Many believe Brazil’s infrastructure is not adequate enough to put it on a more competitive footing against rival exporters, who are often from the most advanced economies.

Brazil more or less stopped heavy infrastructure investment in the 1970s. So when grain production began to ramp up in areas thousands of miles from the sea, the roads, rail and port facilities eventually became overrun.

Road infrastructure

During the 1950s and 1960s, to serve agricultural development in the west and north of the country, Brazilian governments built thousands of kilometres of roads instead of more costly, but much more efficient, railroad tracks. This led the country to its present dependence on road-based transport rather than trains.

The realisation that Brazil needs farm revenues to underpin the foreign accounts led president Dilma Rousseff to prioritise infrastructure. However, a recent study by the Brazilian Institute of Logistics found that the cost to improve roads to a sufficient state is 19 times more than the government’s current budget for such improvements.

One road project of significance is the paving of the BR-163, which connects the central Mato Grosso region with northern Amazon ports. Farmers have been waiting for asphalt along the infamous highway for more than a decade. Yet despite work progressing, it still may be a further two years away.

Along with reducing internal trucking costs for grains and soya beans, it is expected that the road would decrease sea shipping costs to markets such as the EU compared with ports in southern Brazil.
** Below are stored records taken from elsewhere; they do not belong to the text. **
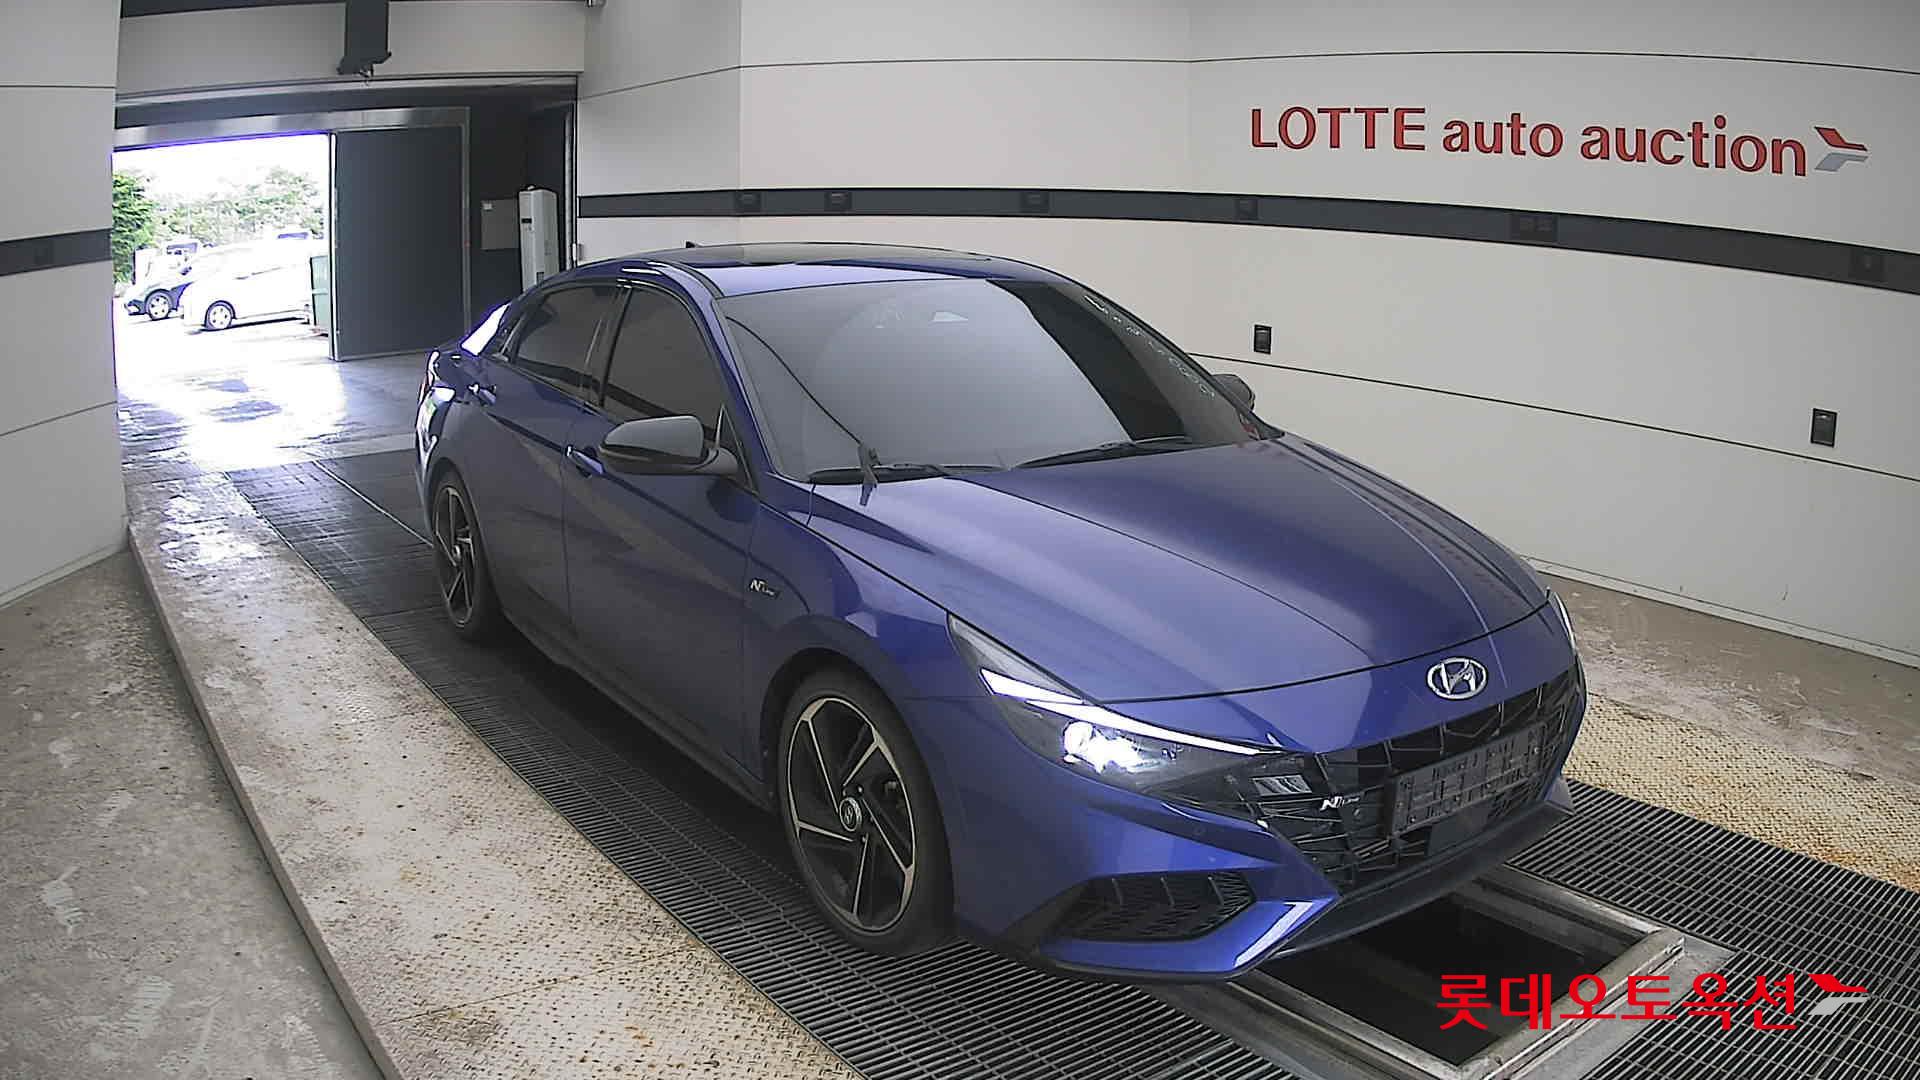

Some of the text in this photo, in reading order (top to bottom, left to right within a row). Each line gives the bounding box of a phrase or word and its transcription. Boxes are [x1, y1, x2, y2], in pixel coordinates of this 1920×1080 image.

[1250, 106, 1809, 176] LOTTE auto auction
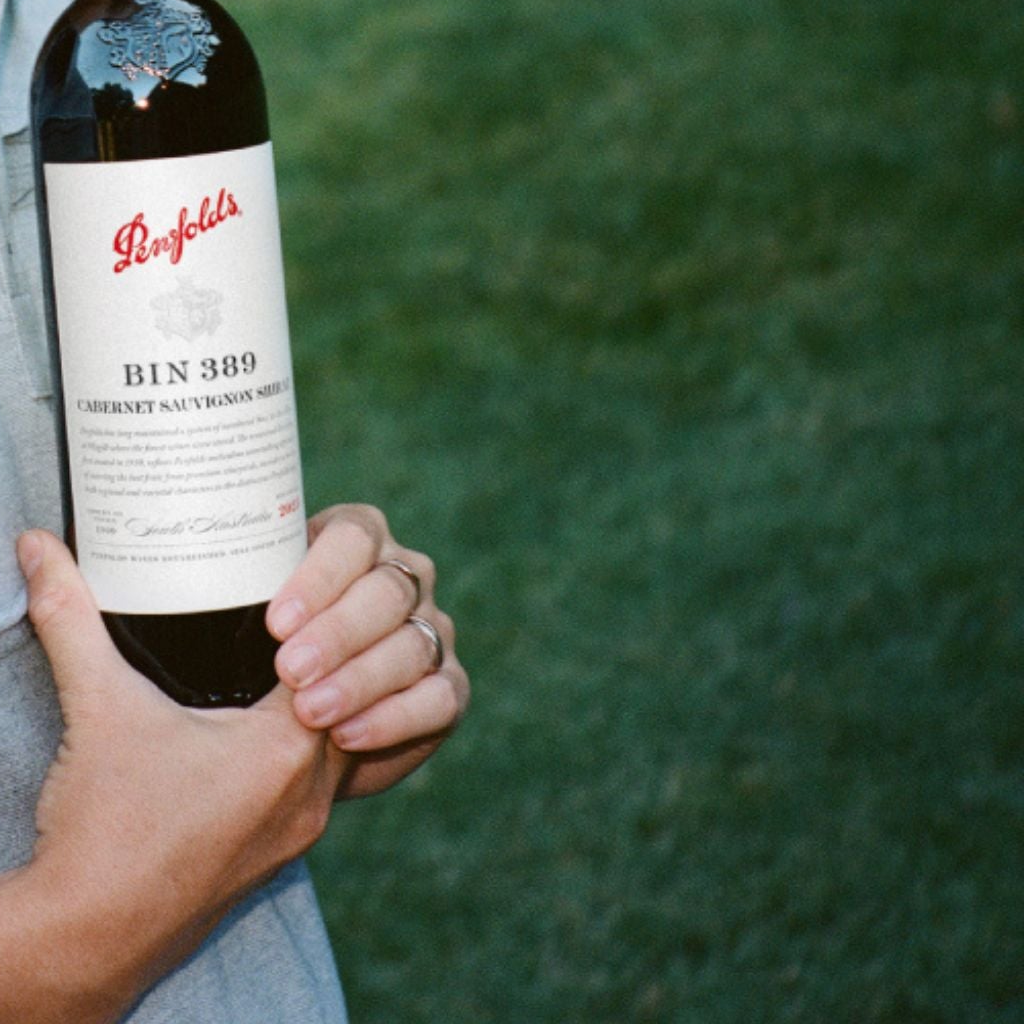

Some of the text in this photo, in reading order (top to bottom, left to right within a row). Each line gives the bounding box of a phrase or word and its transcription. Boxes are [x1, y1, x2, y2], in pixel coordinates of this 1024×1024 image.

[113, 187, 239, 274] Penfolds
[123, 351, 257, 387] BIN 389
[77, 398, 155, 414] CABERNET
[159, 387, 253, 413] SAUVIGNON
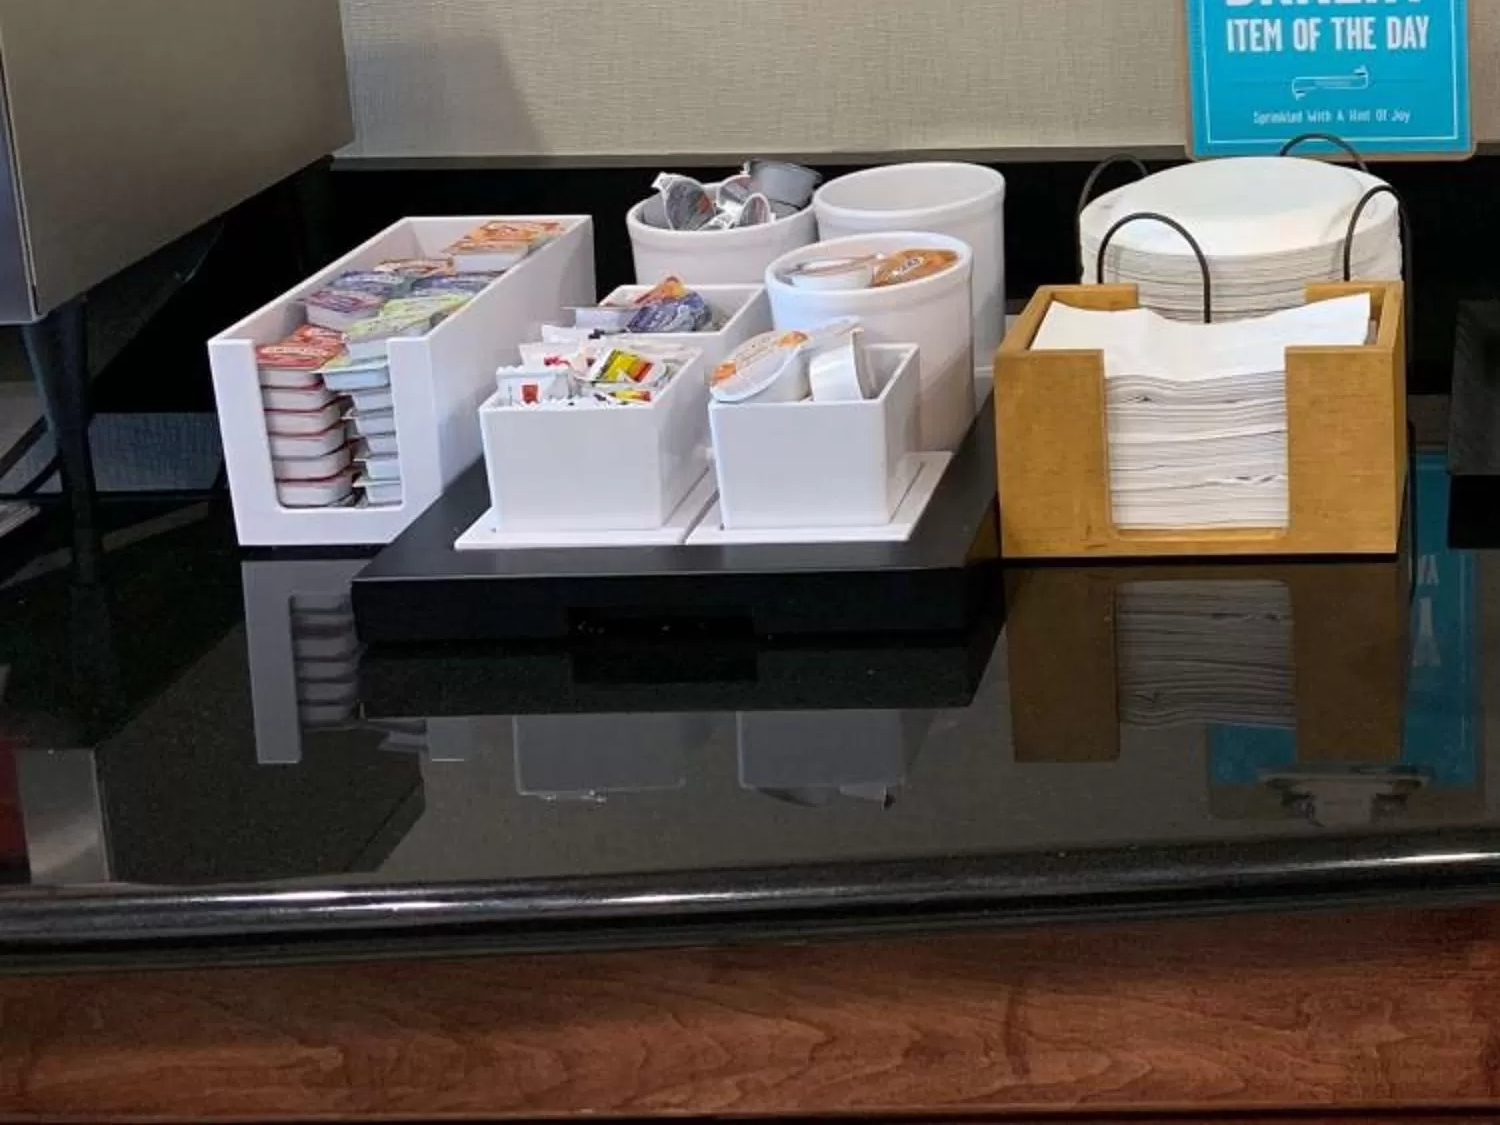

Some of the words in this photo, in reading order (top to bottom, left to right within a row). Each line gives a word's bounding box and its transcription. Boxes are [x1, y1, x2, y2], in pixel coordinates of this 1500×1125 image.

[1227, 18, 1283, 52] ITEM
[1292, 17, 1322, 51] OF
[1330, 16, 1377, 50] THE
[1387, 15, 1429, 50] DAY
The Brazilian Soya bean Producers Association estimates that transport costs will fall by at least $30/t for soya beans transported on this road.

Port infrastructure

Brazilian ports can be known for bottlenecks. In 2013, Credit Suisse noted that there was a “10-mile line of trucks waiting at gates to unload the crop and 200 ships waiting to load the cargo”. However, the recent privatisation process of several bulk sea port terminals has resulted in significant investment and a noticeable increase in efficiencies.

Infrastructure

Based on overall infrastructure quality, Brazil ranked 120 out of 144 countries surveyed by the World Economic Forum in 2014, with particularly poor results for roads. Brazil’s rankings have generally worsened over the past five years. As illustrated in the chart, Brazilian transport costs to China, the top global soya bean importer, are significantly higher than the US. In the top soya bean production state of Mato Grosso, transport costs as a portion of the total landed price were 31% compared with 16% in Iowa.

But this is not just a story about exports. Currently, much of Mato Grosso’s corn and soya bean harvests are trucked to poultry and livestock feeding operations in southern Brazil. The livestock is then shipped to northeast Brazil, where animal protein consumption is increasing rapidly. Rail improvements will allow for greater meat production in Mato Grosso and direct shipment to the northeast either for local consumption or export.

Comment

Despite planned improvements, poor logistics and transport infrastructure burdens Brazilian agriculture and influences the competitive position of the sector. In general, Brazil allocates a relatively low share of its agricultural support to infrastructure. While short-term benefits accrue to farmers from price support and credit programmes, in the longer run sector-wide investments can have a higher pay-off for farmers.

If Brazil transferred additional resources to public investment it should lead to improvements in agricultural productivity and hence the associated profitability of the sector.